Isolement et coloration des kératinocytes de peau de souris pour l'analyse spécifique de cycle cellulaire de l'expression cellulaire de protéine par cytométrie de masse

Published: May 09, 2019
doi:
10.3791/59353
,
1Department of Dermatology and Charles C. Gates Center for Regenerative Medicine,University of Colorado Anschutz Medical Campus

Summary

Ce protocole décrit comment isoler les kératinocytes cutanés des modèles de souris, les tacles avec des anticorps marqués en métal, et analyser les cellules tachées par cytométrie de masse afin de profiler le modèle d’expression des protéines d’intérêt dans les différentes phases du cycle cellulaire.

Abstract

L’objectif de ce protocole est de détecter et de quantifier les changements d’expression des protéines d’une manière dépendante du cycle cellulaire à l’aide de cellules individuelles isolées de l’épiderme de la peau de souris. Il y a sept étapes importantes : séparation de l’épiderme du derme, digestion de l’épiderme, coloration des populations épidermiques avec cisplatine, codage à barres d’échantillon, coloration avec des anticorps métalliques marqués pour les marqueurs de cycle cellulaire et les protéines de l’intérêt, la détection d’anticorps marqués par le métal par cytométrie de masse, et l’analyse de l’expression dans les différentes phases du cycle cellulaire. L’avantage de cette approche par rapport aux méthodes histologiques est le potentiel d’analyse du modèle d’expression de marqueurs différents dans une seule cellule à différentes phases du cycle cellulaire. Cette approche permet également l’analyse multivariée de corrélation de l’expression de protéine qui est plus quantifiable que les méthodes histologiques/imaging. L’inconvénient de ce protocole est qu’une suspension des cellules simples est nécessaire, ce qui entraîne la perte de l’information de localisation fournie par la coloration des sections de tissu. Cette approche peut également nécessiter l’inclusion de marqueurs supplémentaires pour identifier différents types de cellules dans les suspensions de cellules brutes. L’application de ce protocole est évidente dans l’analyse des modèles hyperplastiques de maladie de peau.
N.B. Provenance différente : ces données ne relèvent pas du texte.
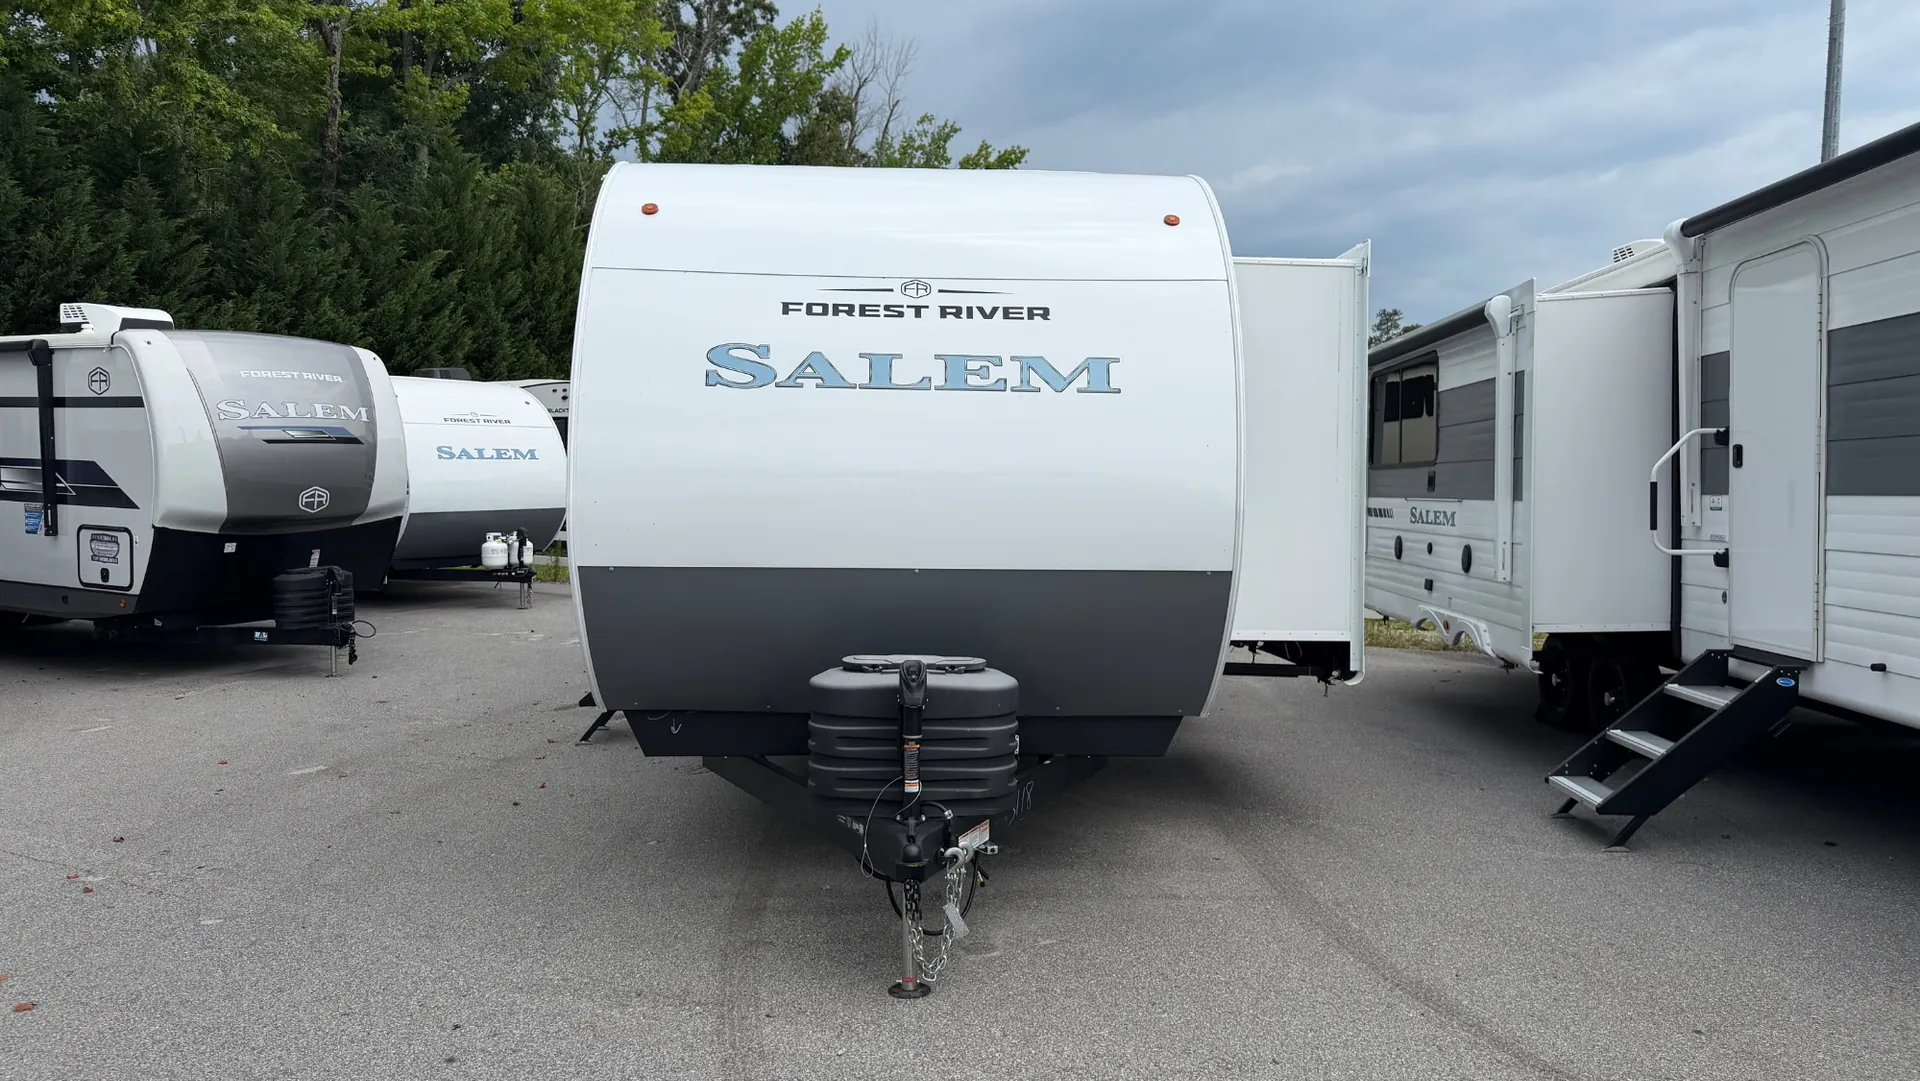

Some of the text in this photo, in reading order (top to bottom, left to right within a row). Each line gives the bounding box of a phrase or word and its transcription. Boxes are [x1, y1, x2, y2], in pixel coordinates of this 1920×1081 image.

En outre, ce protocole peut être adapté pour l’analyse de sous-types spécifiques de cellules (par exemple, les cellules souches) par l’ajout d’anticorps spécifiques à la lignée. Ce protocole peut également être adapté pour l’analyse des cellules de la peau chez d’autres espèces expérimentales.

Introduction

La corrélation de l’expression génique avec les stades du cycle cellulaire demeure un défi dans l’analyse des modèles animaux de maladies hyperplastiques comme le cancer. Une partie de ce défi est la co-détection des protéines d’intérêt (POI) avec des marqueurs de prolifération. Les cellules proliférantes peuvent être trouvées dans diverses phases de cycle cellulaire comprenant G1, S, G2, et M. Ki67 est l’un des marqueurs les plus couramment utilisés de la prolifération et est exprimée dans toutes les phases du cycle cellulaire. Il a été largement utilisé dans l’analyse des tissus humains et de souris1,2,3. Cependant, comme d’autres marqueurs de prolifération générale, Ki67 ne discerne pas les phases individuelles du cycle cellulaire. Une approche plus précise utilise l’incorporation d’analogues de nucléotide de thymidine comme la bromodeoxyuridine (BrdU) dans des cellules qui reproduisent activement leur génome (c.-à-d. la phase S)4,5. Un inconvénient à l’utilisation des analogues nucléotides est la nécessité de les administrer aux animaux vivants heures avant l’analyse. Ki67 et BrdU sont généralement détectés sur les sections de tissus fixes par l’utilisation d’anticorps. L’un des avantages de cette approche est que l’emplacement des points d’accès peut être déterminé dans l’architecture tissulaire (p. ex., la couche basale de l’épiderme cutané). Cette approche ne nécessite pas non plus de dissociation tissulaire qui peut conduire à des changements dans l’expression des gènes. L’un des inconvénients est que la fixation des tissus ou le traitement du tissu pour la section congelée ou paraffine de l’OCT peut obstruer les cibles des anticorps (c.-à-d. les antigènes). La récupération des antigènes nécessite généralement une digestion thermique ou tissulaire. La quantification des intensités de coloration peut également être difficile. Cela est dû aux variations de la coloration, de l’épaisseur de la section, de la détection du signal et du biais de l’expérimentateur. En outre, un nombre limité de marqueurs peut être détecté simultanément dans la plupart des configurations de laboratoire typiques. Pourtant, de nouvelles approches de coloration multiplex promettent de surmonter ces limites; exemples sont la cytométrie de masse d’imagerie et l’amplification du signal Tyramide6,7.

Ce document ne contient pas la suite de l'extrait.